··· ENTRIES SUPPLIED ···
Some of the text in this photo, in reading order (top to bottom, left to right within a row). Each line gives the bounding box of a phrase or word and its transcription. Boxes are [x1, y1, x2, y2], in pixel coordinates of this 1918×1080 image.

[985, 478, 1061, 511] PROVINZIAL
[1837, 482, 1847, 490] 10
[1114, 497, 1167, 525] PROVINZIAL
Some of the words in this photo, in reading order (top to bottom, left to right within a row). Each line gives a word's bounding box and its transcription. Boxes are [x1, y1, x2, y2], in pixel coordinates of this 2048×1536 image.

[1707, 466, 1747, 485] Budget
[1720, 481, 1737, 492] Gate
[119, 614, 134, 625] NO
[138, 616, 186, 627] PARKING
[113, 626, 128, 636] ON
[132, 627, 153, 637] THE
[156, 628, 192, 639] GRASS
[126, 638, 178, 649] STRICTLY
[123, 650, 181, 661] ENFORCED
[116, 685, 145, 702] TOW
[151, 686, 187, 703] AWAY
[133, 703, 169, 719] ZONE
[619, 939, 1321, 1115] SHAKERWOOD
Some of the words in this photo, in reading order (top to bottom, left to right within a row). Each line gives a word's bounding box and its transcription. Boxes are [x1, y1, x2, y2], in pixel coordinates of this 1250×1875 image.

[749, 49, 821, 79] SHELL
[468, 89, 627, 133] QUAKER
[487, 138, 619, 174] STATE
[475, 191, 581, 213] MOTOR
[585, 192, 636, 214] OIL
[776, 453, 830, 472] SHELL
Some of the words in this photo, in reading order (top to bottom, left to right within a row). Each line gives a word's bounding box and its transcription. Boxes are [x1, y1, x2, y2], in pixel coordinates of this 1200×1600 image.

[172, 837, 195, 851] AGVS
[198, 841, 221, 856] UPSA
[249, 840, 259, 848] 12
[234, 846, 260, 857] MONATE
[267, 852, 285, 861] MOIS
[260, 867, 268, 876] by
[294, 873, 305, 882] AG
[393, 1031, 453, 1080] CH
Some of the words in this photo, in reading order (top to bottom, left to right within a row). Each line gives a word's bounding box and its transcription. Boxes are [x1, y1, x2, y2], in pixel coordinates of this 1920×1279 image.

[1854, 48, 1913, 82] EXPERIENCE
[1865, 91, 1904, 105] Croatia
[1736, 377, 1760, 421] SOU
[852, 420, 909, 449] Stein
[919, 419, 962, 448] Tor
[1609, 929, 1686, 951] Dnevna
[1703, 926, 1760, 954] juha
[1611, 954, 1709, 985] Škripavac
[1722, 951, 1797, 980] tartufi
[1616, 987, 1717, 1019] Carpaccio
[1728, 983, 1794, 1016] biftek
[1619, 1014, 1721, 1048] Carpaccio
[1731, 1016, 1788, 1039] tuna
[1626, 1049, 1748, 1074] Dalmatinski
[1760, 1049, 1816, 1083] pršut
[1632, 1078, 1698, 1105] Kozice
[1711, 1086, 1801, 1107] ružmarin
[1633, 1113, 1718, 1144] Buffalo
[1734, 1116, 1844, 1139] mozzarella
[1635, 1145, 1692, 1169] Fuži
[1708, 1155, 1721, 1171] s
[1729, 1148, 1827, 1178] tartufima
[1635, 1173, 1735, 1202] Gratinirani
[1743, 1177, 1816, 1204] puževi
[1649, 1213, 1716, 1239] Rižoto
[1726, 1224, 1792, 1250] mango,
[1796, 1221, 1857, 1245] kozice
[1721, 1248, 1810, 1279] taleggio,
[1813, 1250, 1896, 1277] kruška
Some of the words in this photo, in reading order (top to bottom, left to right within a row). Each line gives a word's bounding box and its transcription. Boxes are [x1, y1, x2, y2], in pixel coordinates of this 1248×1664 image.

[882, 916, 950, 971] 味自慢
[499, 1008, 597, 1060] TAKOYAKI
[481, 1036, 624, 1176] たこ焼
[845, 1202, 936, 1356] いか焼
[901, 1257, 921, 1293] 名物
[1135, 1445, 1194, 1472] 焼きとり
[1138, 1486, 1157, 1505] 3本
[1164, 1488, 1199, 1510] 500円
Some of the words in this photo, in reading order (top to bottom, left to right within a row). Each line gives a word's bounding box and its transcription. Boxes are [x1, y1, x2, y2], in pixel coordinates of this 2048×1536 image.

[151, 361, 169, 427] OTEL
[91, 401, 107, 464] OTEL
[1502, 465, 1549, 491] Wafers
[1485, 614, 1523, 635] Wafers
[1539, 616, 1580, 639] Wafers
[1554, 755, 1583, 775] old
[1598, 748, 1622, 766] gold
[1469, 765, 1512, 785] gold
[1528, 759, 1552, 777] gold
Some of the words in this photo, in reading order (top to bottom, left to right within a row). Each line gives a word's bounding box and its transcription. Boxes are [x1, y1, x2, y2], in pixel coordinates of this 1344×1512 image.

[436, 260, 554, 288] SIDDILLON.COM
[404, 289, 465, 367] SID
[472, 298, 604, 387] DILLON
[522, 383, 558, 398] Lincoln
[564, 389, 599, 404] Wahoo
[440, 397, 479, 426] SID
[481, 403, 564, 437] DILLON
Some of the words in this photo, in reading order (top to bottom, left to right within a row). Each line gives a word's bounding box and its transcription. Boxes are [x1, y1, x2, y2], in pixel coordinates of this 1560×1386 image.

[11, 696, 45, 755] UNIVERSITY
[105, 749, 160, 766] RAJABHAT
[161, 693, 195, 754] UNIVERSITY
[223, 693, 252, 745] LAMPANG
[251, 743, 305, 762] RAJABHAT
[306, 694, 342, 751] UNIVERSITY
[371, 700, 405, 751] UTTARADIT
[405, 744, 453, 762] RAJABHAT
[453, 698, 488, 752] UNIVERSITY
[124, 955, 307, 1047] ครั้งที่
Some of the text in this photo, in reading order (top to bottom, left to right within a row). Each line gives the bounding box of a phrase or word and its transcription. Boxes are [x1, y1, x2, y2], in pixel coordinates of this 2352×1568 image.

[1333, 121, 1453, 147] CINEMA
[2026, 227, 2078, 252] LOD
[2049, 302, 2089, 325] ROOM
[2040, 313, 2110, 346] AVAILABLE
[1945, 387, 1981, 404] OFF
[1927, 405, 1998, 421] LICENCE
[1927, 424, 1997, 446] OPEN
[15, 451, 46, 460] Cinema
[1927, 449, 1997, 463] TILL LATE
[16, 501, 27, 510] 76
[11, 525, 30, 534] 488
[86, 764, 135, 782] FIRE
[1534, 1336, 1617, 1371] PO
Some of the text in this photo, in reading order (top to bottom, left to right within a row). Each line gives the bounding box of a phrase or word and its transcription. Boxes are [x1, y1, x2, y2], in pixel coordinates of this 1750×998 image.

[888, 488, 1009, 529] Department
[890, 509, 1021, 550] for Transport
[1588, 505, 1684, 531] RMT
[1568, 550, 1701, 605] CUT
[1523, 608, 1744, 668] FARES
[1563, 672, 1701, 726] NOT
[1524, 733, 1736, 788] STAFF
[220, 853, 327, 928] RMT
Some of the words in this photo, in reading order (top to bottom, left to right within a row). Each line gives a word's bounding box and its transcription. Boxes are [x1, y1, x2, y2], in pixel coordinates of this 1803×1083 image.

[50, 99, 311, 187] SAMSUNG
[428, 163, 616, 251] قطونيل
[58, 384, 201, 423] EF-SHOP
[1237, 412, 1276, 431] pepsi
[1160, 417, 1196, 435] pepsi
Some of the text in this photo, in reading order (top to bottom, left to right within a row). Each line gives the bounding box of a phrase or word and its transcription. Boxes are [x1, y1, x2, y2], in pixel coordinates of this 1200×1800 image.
···
A word-for-word copy of the material is required.

Some of the text in this photo, in reading order (top to bottom, left to right within a row). Each line gives the bounding box of a phrase or word and its transcription. Boxes are [x1, y1, x2, y2], in pixel coordinates of this 1918×1080 image.

[985, 478, 1061, 511] PROVINZIAL
[1837, 482, 1847, 490] 10
[1114, 497, 1167, 525] PROVINZIAL
Some of the words in this photo, in reading order (top to bottom, left to right within a row). Each line gives a word's bounding box and its transcription. Boxes are [x1, y1, x2, y2], in pixel coordinates of this 2048×1536 image.

[1707, 466, 1747, 485] Budget
[1720, 481, 1737, 492] Gate
[119, 614, 134, 625] NO
[138, 616, 186, 627] PARKING
[113, 626, 128, 636] ON
[132, 627, 153, 637] THE
[156, 628, 192, 639] GRASS
[126, 638, 178, 649] STRICTLY
[123, 650, 181, 661] ENFORCED
[116, 685, 145, 702] TOW
[151, 686, 187, 703] AWAY
[133, 703, 169, 719] ZONE
[619, 939, 1321, 1115] SHAKERWOOD
Some of the words in this photo, in reading order (top to bottom, left to right within a row). Each line gives a word's bounding box and its transcription. Boxes are [x1, y1, x2, y2], in pixel coordinates of this 1250×1875 image.

[749, 49, 821, 79] SHELL
[468, 89, 627, 133] QUAKER
[487, 138, 619, 174] STATE
[475, 191, 581, 213] MOTOR
[585, 192, 636, 214] OIL
[776, 453, 830, 472] SHELL
Some of the words in this photo, in reading order (top to bottom, left to right within a row). Each line gives a word's bounding box and its transcription. Boxes are [x1, y1, x2, y2], in pixel coordinates of this 1200×1600 image.

[172, 837, 195, 851] AGVS
[198, 841, 221, 856] UPSA
[249, 840, 259, 848] 12
[234, 846, 260, 857] MONATE
[267, 852, 285, 861] MOIS
[260, 867, 268, 876] by
[294, 873, 305, 882] AG
[393, 1031, 453, 1080] CH
Some of the words in this photo, in reading order (top to bottom, left to right within a row). Each line gives a word's bounding box and its transcription. Boxes are [x1, y1, x2, y2], in pixel coordinates of this 1920×1279 image.

[1854, 48, 1913, 82] EXPERIENCE
[1865, 91, 1904, 105] Croatia
[1736, 377, 1760, 421] SOU
[852, 420, 909, 449] Stein
[919, 419, 962, 448] Tor
[1609, 929, 1686, 951] Dnevna
[1703, 926, 1760, 954] juha
[1611, 954, 1709, 985] Škripavac
[1722, 951, 1797, 980] tartufi
[1616, 987, 1717, 1019] Carpaccio
[1728, 983, 1794, 1016] biftek
[1619, 1014, 1721, 1048] Carpaccio
[1731, 1016, 1788, 1039] tuna
[1626, 1049, 1748, 1074] Dalmatinski
[1760, 1049, 1816, 1083] pršut
[1632, 1078, 1698, 1105] Kozice
[1711, 1086, 1801, 1107] ružmarin
[1633, 1113, 1718, 1144] Buffalo
[1734, 1116, 1844, 1139] mozzarella
[1635, 1145, 1692, 1169] Fuži
[1708, 1155, 1721, 1171] s
[1729, 1148, 1827, 1178] tartufima
[1635, 1173, 1735, 1202] Gratinirani
[1743, 1177, 1816, 1204] puževi
[1649, 1213, 1716, 1239] Rižoto
[1726, 1224, 1792, 1250] mango,
[1796, 1221, 1857, 1245] kozice
[1721, 1248, 1810, 1279] taleggio,
[1813, 1250, 1896, 1277] kruška
Some of the words in this photo, in reading order (top to bottom, left to right within a row). Each line gives a word's bounding box and its transcription. Boxes are [x1, y1, x2, y2], in pixel coordinates of this 1248×1664 image.

[882, 916, 950, 971] 味自慢
[499, 1008, 597, 1060] TAKOYAKI
[481, 1036, 624, 1176] たこ焼
[845, 1202, 936, 1356] いか焼
[901, 1257, 921, 1293] 名物
[1135, 1445, 1194, 1472] 焼きとり
[1138, 1486, 1157, 1505] 3本
[1164, 1488, 1199, 1510] 500円
Some of the words in this photo, in reading order (top to bottom, left to right within a row). Each line gives a word's bounding box and its transcription. Boxes are [x1, y1, x2, y2], in pixel coordinates of this 2048×1536 image.

[151, 361, 169, 427] OTEL
[91, 401, 107, 464] OTEL
[1502, 465, 1549, 491] Wafers
[1485, 614, 1523, 635] Wafers
[1539, 616, 1580, 639] Wafers
[1554, 755, 1583, 775] old
[1598, 748, 1622, 766] gold
[1469, 765, 1512, 785] gold
[1528, 759, 1552, 777] gold
Some of the words in this photo, in reading order (top to bottom, left to right within a row). Each line gives a word's bounding box and its transcription. Boxes are [x1, y1, x2, y2], in pixel coordinates of this 1344×1512 image.

[436, 260, 554, 288] SIDDILLON.COM
[404, 289, 465, 367] SID
[472, 298, 604, 387] DILLON
[522, 383, 558, 398] Lincoln
[564, 389, 599, 404] Wahoo
[440, 397, 479, 426] SID
[481, 403, 564, 437] DILLON
Some of the words in this photo, in reading order (top to bottom, left to right within a row). Each line gives a word's bounding box and its transcription. Boxes are [x1, y1, x2, y2], in pixel coordinates of this 1560×1386 image.

[11, 696, 45, 755] UNIVERSITY
[105, 749, 160, 766] RAJABHAT
[161, 693, 195, 754] UNIVERSITY
[223, 693, 252, 745] LAMPANG
[251, 743, 305, 762] RAJABHAT
[306, 694, 342, 751] UNIVERSITY
[371, 700, 405, 751] UTTARADIT
[405, 744, 453, 762] RAJABHAT
[453, 698, 488, 752] UNIVERSITY
[124, 955, 307, 1047] ครั้งที่
Some of the text in this photo, in reading order (top to bottom, left to right within a row). Each line gives the bounding box of a phrase or word and its transcription. Boxes are [x1, y1, x2, y2], in pixel coordinates of this 2352×1568 image.

[1333, 121, 1453, 147] CINEMA
[2026, 227, 2078, 252] LOD
[2049, 302, 2089, 325] ROOM
[2040, 313, 2110, 346] AVAILABLE
[1945, 387, 1981, 404] OFF
[1927, 405, 1998, 421] LICENCE
[1927, 424, 1997, 446] OPEN
[15, 451, 46, 460] Cinema
[1927, 449, 1997, 463] TILL LATE
[16, 501, 27, 510] 76
[11, 525, 30, 534] 488
[86, 764, 135, 782] FIRE
[1534, 1336, 1617, 1371] PO
Some of the text in this photo, in reading order (top to bottom, left to right within a row). Each line gives the bounding box of a phrase or word and its transcription. Boxes are [x1, y1, x2, y2], in pixel coordinates of this 1750×998 image.

[888, 488, 1009, 529] Department
[890, 509, 1021, 550] for Transport
[1588, 505, 1684, 531] RMT
[1568, 550, 1701, 605] CUT
[1523, 608, 1744, 668] FARES
[1563, 672, 1701, 726] NOT
[1524, 733, 1736, 788] STAFF
[220, 853, 327, 928] RMT
Some of the words in this photo, in reading order (top to bottom, left to right within a row). Each line gives a word's bounding box and its transcription. Boxes are [x1, y1, x2, y2], in pixel coordinates of this 1803×1083 image.

[50, 99, 311, 187] SAMSUNG
[428, 163, 616, 251] قطونيل
[58, 384, 201, 423] EF-SHOP
[1237, 412, 1276, 431] pepsi
[1160, 417, 1196, 435] pepsi
Some of the text in this photo, in reading order (top to bottom, left to right within a row). Each line gives the bounding box of a phrase or word and its transcription. Boxes are [x1, y1, x2, y2], in pixel coordinates of this 1200×1800 image.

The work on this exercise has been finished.